10 Contraception Doctrine of double effect;
There are times when we have moral dilemmas in which we cannot do good without a bad consequence. To solve this dilemma the doctrine of double effect was devised, roughly saying that it is always wrong to do a bad act intentionally in order to bring about good consequences, but that it is sometimes all right to do a good act despite knowing that it will bring about bad consequences. However these bad consequences must only be unintended side effects – the bad consequences may be foreseen but not intended.

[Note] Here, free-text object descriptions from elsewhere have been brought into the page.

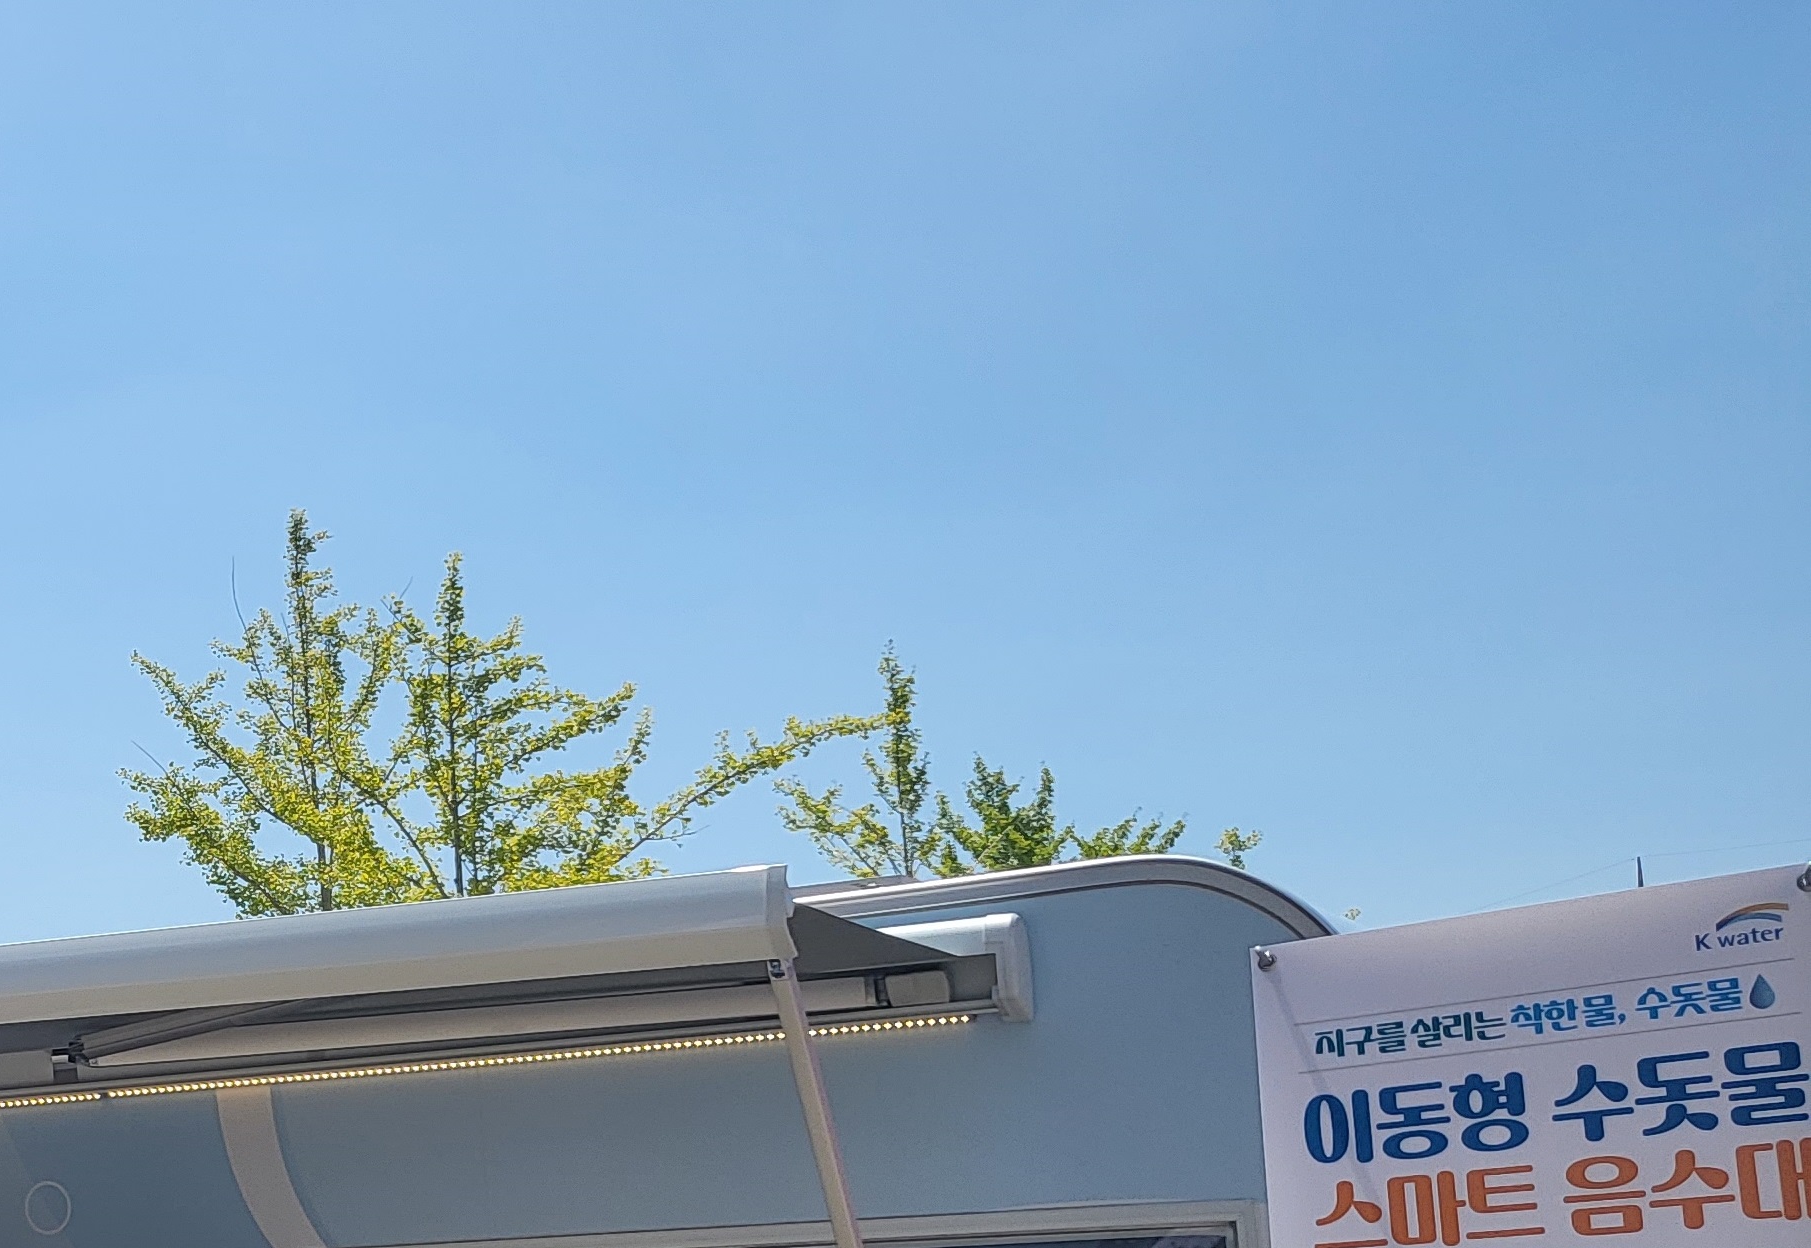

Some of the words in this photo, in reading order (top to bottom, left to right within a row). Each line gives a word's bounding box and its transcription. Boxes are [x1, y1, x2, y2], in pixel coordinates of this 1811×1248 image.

[1695, 934, 1712, 951] K
[1716, 926, 1784, 949] water
[1315, 1021, 1407, 1057] 지구를
[1410, 1011, 1506, 1049] 살리는
[1510, 1000, 1578, 1035] 착한
[1582, 993, 1626, 1027] 물,
[1635, 976, 1744, 1020] 수돗물
[1304, 1072, 1529, 1164] 이동형
[1552, 1041, 1811, 1142] 수돗물
[1564, 1138, 1811, 1236] 음수대

11 Homosexuality Aquinas condemned homosexuality because:
Intercourse is the physical union of a man and a woman in accordance with God’s design - in fulfilment of the human ideal (Creation) It cannot lead to the procreation of children: ‘In so far as generation is blocked, we have an unnatural vice. For example, acts with a person of the same sex.’ (Summa Theologiae) It is condemned in the Bible (Leviticus 18:22, Romans 1:27) which is a revelation of God’s law to humanity Apparent good: sexual relationship (e.g. it was right because we were in love) .vs. real good: abstinence to prevent violation of God’s natural design

12 Weaknesses Is procreation the only purpose of sex? (isn’t it also an expression of love and trust in someone close to you – becoming ‘one flesh’?) (If a married couple are infertile should their sexual relationship be condemned?) Old fashioned – does not recognise changes in social attitudes (e.g. towards homosexuality) Premarital Sex – nowadays many unmarried couples have children and nurture. Why is this immoral? (same as marriage isn’t it?) Homosexuality – recognised as a natural state (not an illness). Could it not be part of God’s design? Genesis 1:27 – ‘So God created mankind in his own image, in the image of God he created them’ Matthew 7:3 - "Why do you look at the speck of sawdust in your brother's eye and pay no attention to the log in your own eye?”